Reblog: Being catfished. You’ll probably laugh at me.

I was doing some blog maintenance today (more fun than working) and came across a post that still makes me laugh – link below.

On a random note, I’ve been reading some dating stories from female bloggers recently and generally speaking, when they complain about a guy’s douchy behavior, I see all the red flags that got them there. Either in the way he treated them, or what he said, or what she did. But it’s rarely a surprise to me, based on what they write.

I’m sure there are exceptions, but it does make me wonder whether I should attempt to provide advice to people via this blog. I have never really thought I knew enough to do so. Madeline (The Woman Invisible) tells me I should quit my day job and become a dating therapist.

What do you think?

In the meantime, check out this old post: Hook Line & Busted: My Catfish Experience.

Ann
xo

I'm a one-woman reality show | Choose my next adventure

By now you probably know I’m back on a couple of online dating sites. Most of my time there is spent deleting messages. I have not proactively reached out to anyone. There are a handful of men I have responded to, but nobody I’ve found worthy of a date as yet, who has also asked me out.

Below is the VERBATIM exchange I had over the last few days with one dude on OK Cupid. I am not going to tell you what I think (which I have to say is VERY hard to do)…but I’d love to hear what you think. His messages are in Bold Italics and mine are plain font.

And before you read this and decide to lecture me, this is the MOST I have engaged with anyone at all on this site. I responded because my first thought was he was a catfish. Or just insane. So I was interested to see where he was trying to take the conversation. And I’m usually not so pointed in my responses unless I’m really irritated.


Your profile is more interesting than the average woman profile that I see on this site… Usually there is so much crass self-promotion. I found yours most unusually original. It is rare to find intelligence and wit in this particular forum.

 You sound like you might be more than just an interesting profile (which is refreshing). 

Beside…you have posted some very interesting and attractive photos here…no eyes or nose at the wrong spot…that’s unique, a rare combination of beauty and innocence!

 Do they come with an attractive… cute name too?



Nope? Nothing? Null? Rien? Niente? Nicht? Nad? Ne? no reply? Nothing to say? 
Don’t have the cute name? 
lol. talk to me

I am definitely more than an interesting profile. Thanks for the compliments. My name is Ann. It’s common, not sure about cute?
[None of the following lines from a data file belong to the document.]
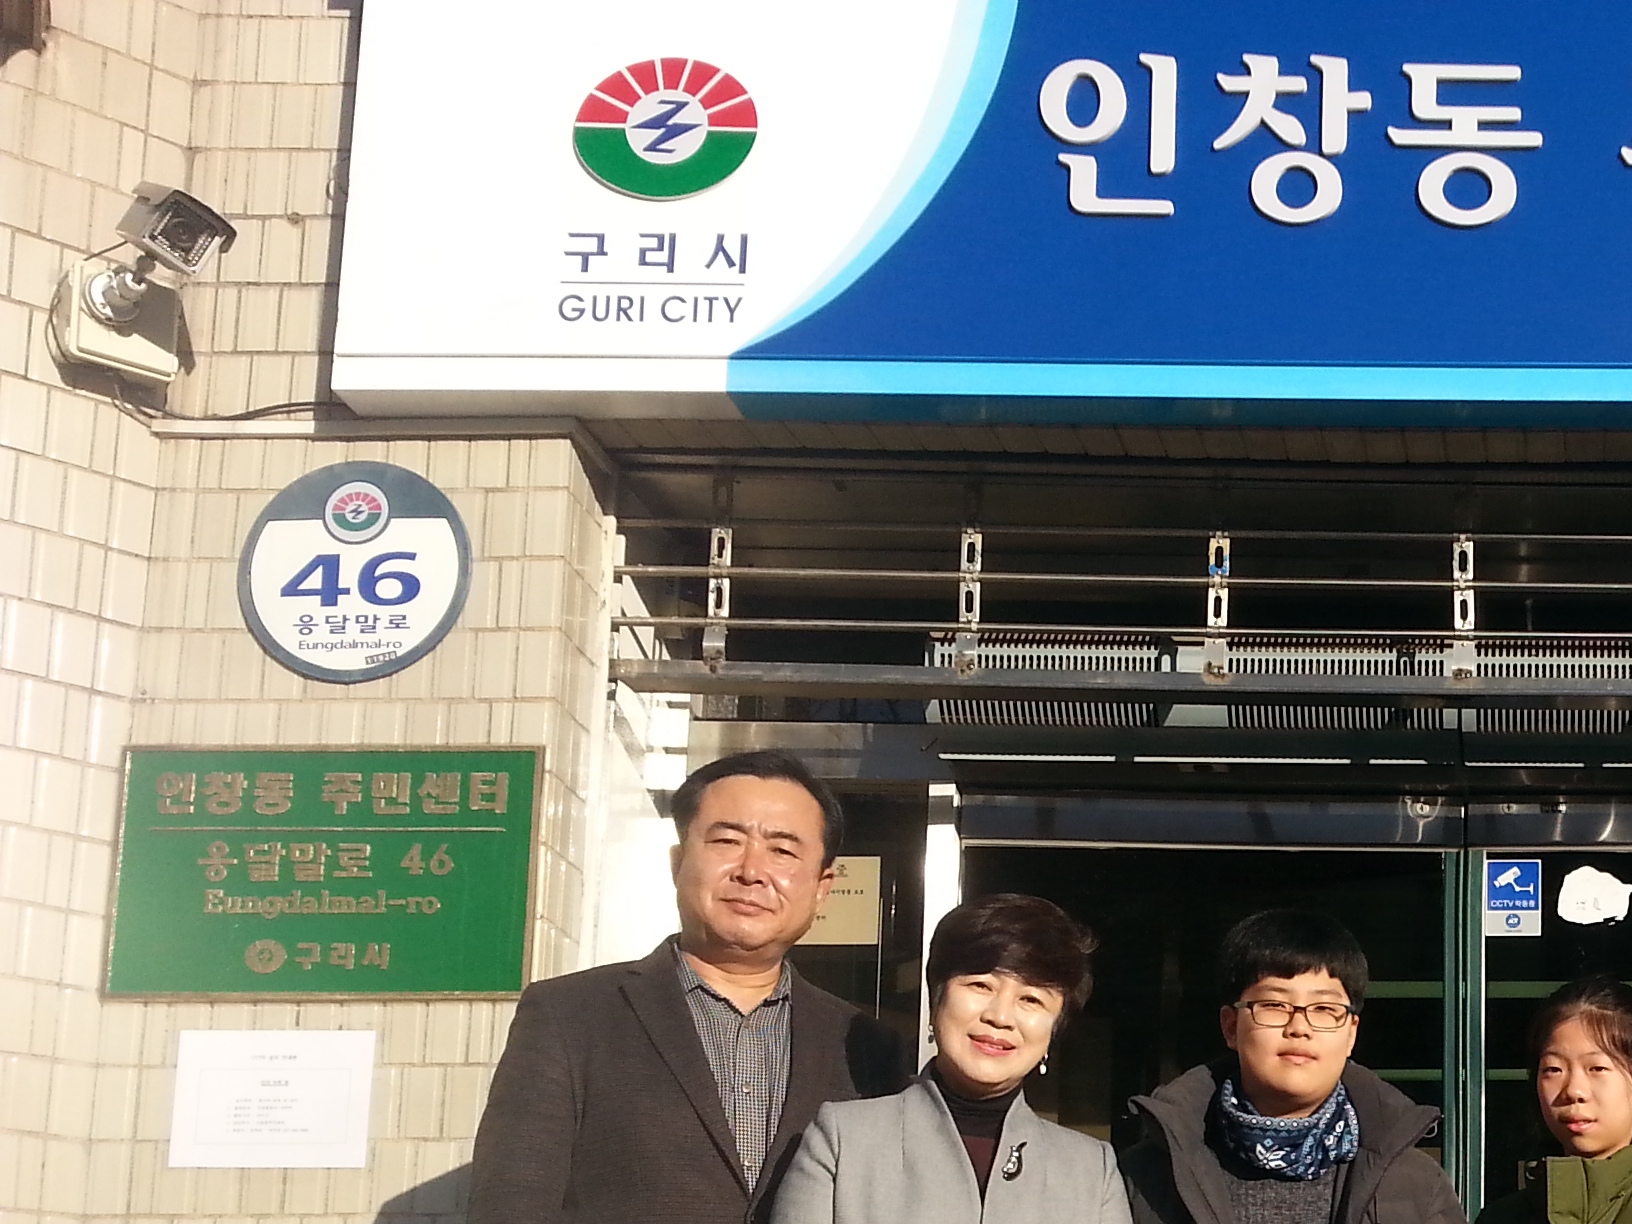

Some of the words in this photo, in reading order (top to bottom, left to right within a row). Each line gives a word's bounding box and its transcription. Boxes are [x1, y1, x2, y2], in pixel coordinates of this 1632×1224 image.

[1038, 52, 1544, 226] 인창동
[563, 232, 749, 275] 구리시
[558, 295, 644, 322] GURI
[661, 296, 742, 324] CITY
[280, 551, 421, 607] 46
[293, 614, 411, 636] 응달말로
[298, 639, 402, 652] Eungdalmal-ro
[154, 771, 294, 815] 인창동
[322, 771, 510, 815] 주민센터
[197, 841, 373, 882] 응달말로
[400, 843, 454, 876] 46
[203, 889, 441, 919] Eungdalmal-ro
[294, 942, 391, 971] 구리시
Ann…such a nice, magical and charming name you have! 

 I recently got hold of a magic crystal ball and just asked it about you. 
Here is what I got…ready?

 You can be very romantic… attached to the glamour of love. Having a partner is of paramount importance to you. You are free in your expression of love and are willing to take chances…try new sexual experiences and partners… provided it’s all in good taste.

Brains turn you on. You must feel that your partner is intellectually stimulating…otherwise you will find it difficult to sustain the relationship. You require loving…cuddling… wining and dining to know that you’re being appreciated. 
Is it worth the pesos or should I return it…ask for refund?
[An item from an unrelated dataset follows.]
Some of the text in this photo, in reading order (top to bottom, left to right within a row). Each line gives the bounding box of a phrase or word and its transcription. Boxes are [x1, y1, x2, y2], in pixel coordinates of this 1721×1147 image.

Not sure my name is magical but okay… You got a few things right (they were fairly generic lol) but others are off.

Now, the funny thing Ann is…I don’t even need the crystal ball, I KNOW what kind of woman you are. 

You’re FUNNY… INTERESTING…and CHARISMATIC. I’m sure of it. Guaranteed!!!

 You’re the kind of woman that men DREAM ABOUT. 

You probably enjoy life… have fun whatever you’re doing; know what you want… etc. You’re probably successful in your line of work, have a life of your own… and on and on. 

 You’re also the kind of woman that most men have NO idea how to deal with. 

Most guys will turn you OFF within 3 seconds of the introduction, because they’ll start acting all nice, polite, and sweet. 

Uninspired and BORING!!! 

 I mean too much is too much! You do bore easy and like to be active, challenged and kept on your toes.



Again, some of what you say is right…

Nice… polite and sweet is okay to a point but you don’t want a sap, a shameless schmoozer, right? too much syrup rubs you the wrong way…right? It’s just that witty, charismatic, and renegade is better! you want someone who will appreciate your feminine side… treat you like a princess…a nice guy with a bad boy side… or a bad boy with a secret nice guy side…someone who will not sugarcoat it. you want is a MAN who is a masculine and confident at his core…but still a HUMAN BEING who you can relate to. you have such a little girl’s smile; it is so innocent. But I can tell from your eyes that you have an exciting…mischievous side to you.

I don’t like syrup at all actually. Manners, yes. Humour, intelligence, curiosity, passion. Yes, I have a feminine and professional side, as well as a mischievous side. And yes, I want someone who is confident as well.

yeah…it appears you have that shy, conservative side of you that keeps you a lady until you can trust and feel wanted and desired… I bet a lot of people think you are mature….but I know better. I can tell from your eyes that inside…you are really just a little girl….I bet your inner child is a juvenile delinquent. 🙂 I have to go to bed… for real… otherwise I will be a crying grump tomorrow. Sweet dreams Ann.

I’m not shy nor conservative. And I guess it depends on your definition, but any misbehaviour is not juvenile. Goodnight.

Good morning Ann…I hope the morning sun awakens your day to let it beautifully unfold…
I can also tell that you are someone who at times does not take chances…. and sometimes you want to shoot yourself in the foot because you did not have the courage to try something new… But other times you are adventurous and do take chances…and this is when you have the best time because this is the real you… right?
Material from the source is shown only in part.